__Work instructions__: Starting at the line that holds "Some of the words", transcribe every line to the end of the data exactly; include no other lines.

[Data items]
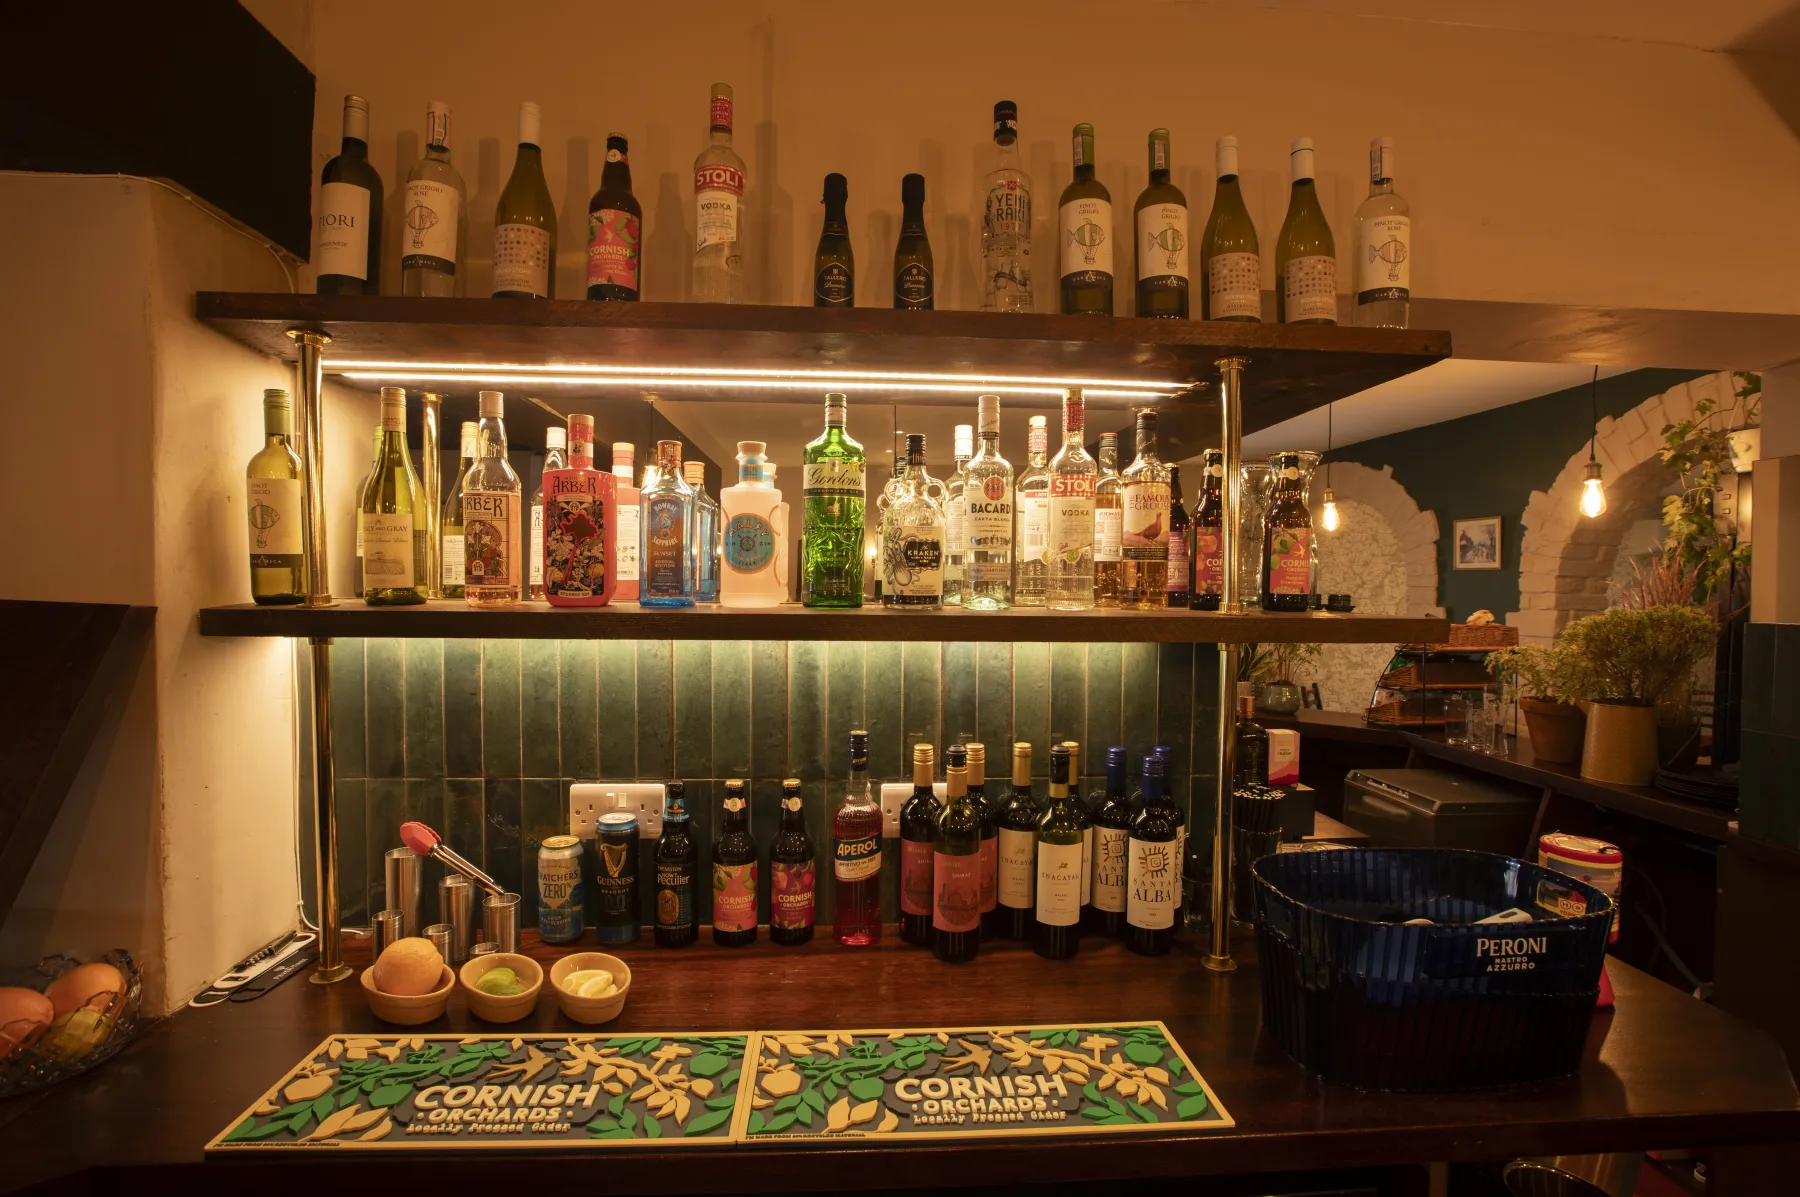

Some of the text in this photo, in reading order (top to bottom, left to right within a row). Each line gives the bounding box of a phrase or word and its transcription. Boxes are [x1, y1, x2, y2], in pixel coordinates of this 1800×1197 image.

[696, 170, 739, 187] STOLI
[700, 202, 732, 211] VODKA
[590, 245, 630, 257] CORNISH
[808, 467, 861, 487] Gordon's
[552, 476, 597, 494] ARBER
[1055, 479, 1095, 492] STOLI
[1135, 493, 1170, 502] FAMOUS
[466, 497, 503, 517] RBER
[653, 503, 679, 514] BOMBAY
[1135, 502, 1170, 511] GROUSE
[652, 535, 679, 547] SAPPHIRE
[837, 838, 878, 857] APEROL
[596, 874, 637, 886] GUINNESS
[1133, 877, 1171, 888] SANTA
[718, 893, 754, 904] CORNISH
[778, 891, 812, 902] CORNISH
[1132, 887, 1172, 903] ALBA
[783, 899, 809, 907] ORCHARDS
[1476, 936, 1548, 957] PERONI
[1494, 956, 1528, 964] NASTRO
[1486, 962, 1536, 972] AZZURRO
[894, 1073, 1068, 1102] CORNISH
[414, 1084, 601, 1110] CORNISH
[923, 1096, 1047, 1115] ORCHARDS
[428, 1107, 562, 1124] ORCHARDS
[913, 1111, 1066, 1125] Locally Pressed Cider
[405, 1122, 571, 1135] Locally Pressed Cider
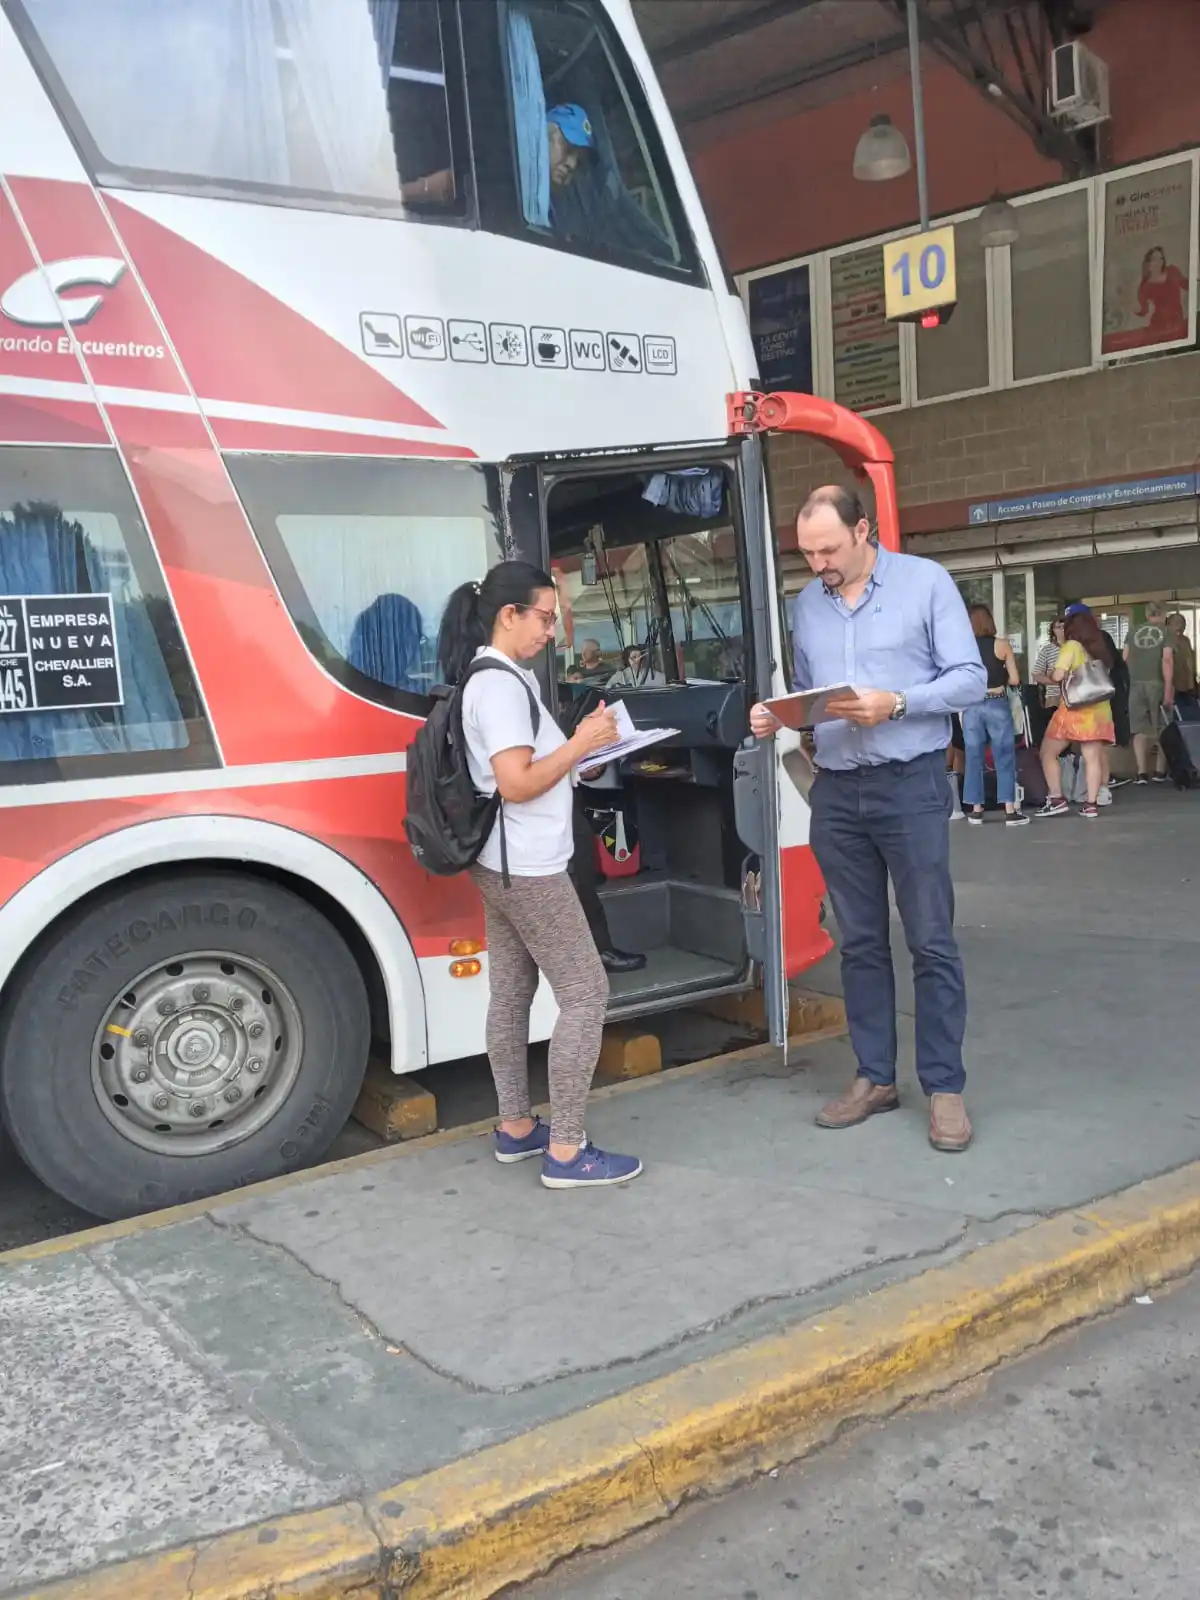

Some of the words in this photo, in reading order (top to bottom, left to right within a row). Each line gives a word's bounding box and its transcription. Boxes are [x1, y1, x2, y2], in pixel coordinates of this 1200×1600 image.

[892, 244, 946, 296] 10
[574, 341, 601, 359] WC
[652, 349, 669, 359] LCD
[998, 504, 1025, 515] Acceso
[1032, 501, 1056, 509] Paseo
[1057, 496, 1068, 505] de
[1069, 493, 1106, 504] Compras
[29, 613, 110, 628] EMPRESA
[32, 635, 112, 650] NUEVA
[34, 657, 114, 672] CHEVALLIER
[62, 675, 92, 688] S.A.

__Task solution__:
Some of the words in this photo, in reading order (top to bottom, left to right within a row). Each line gives a word's bounding box and its transcription. Boxes are [x1, y1, x2, y2], in pixel coordinates of this 1200×1600 image.

[892, 244, 946, 296] 10
[574, 341, 601, 359] WC
[652, 349, 669, 359] LCD
[998, 504, 1025, 515] Acceso
[1032, 501, 1056, 509] Paseo
[1057, 496, 1068, 505] de
[1069, 493, 1106, 504] Compras
[29, 613, 110, 628] EMPRESA
[32, 635, 112, 650] NUEVA
[34, 657, 114, 672] CHEVALLIER
[62, 675, 92, 688] S.A.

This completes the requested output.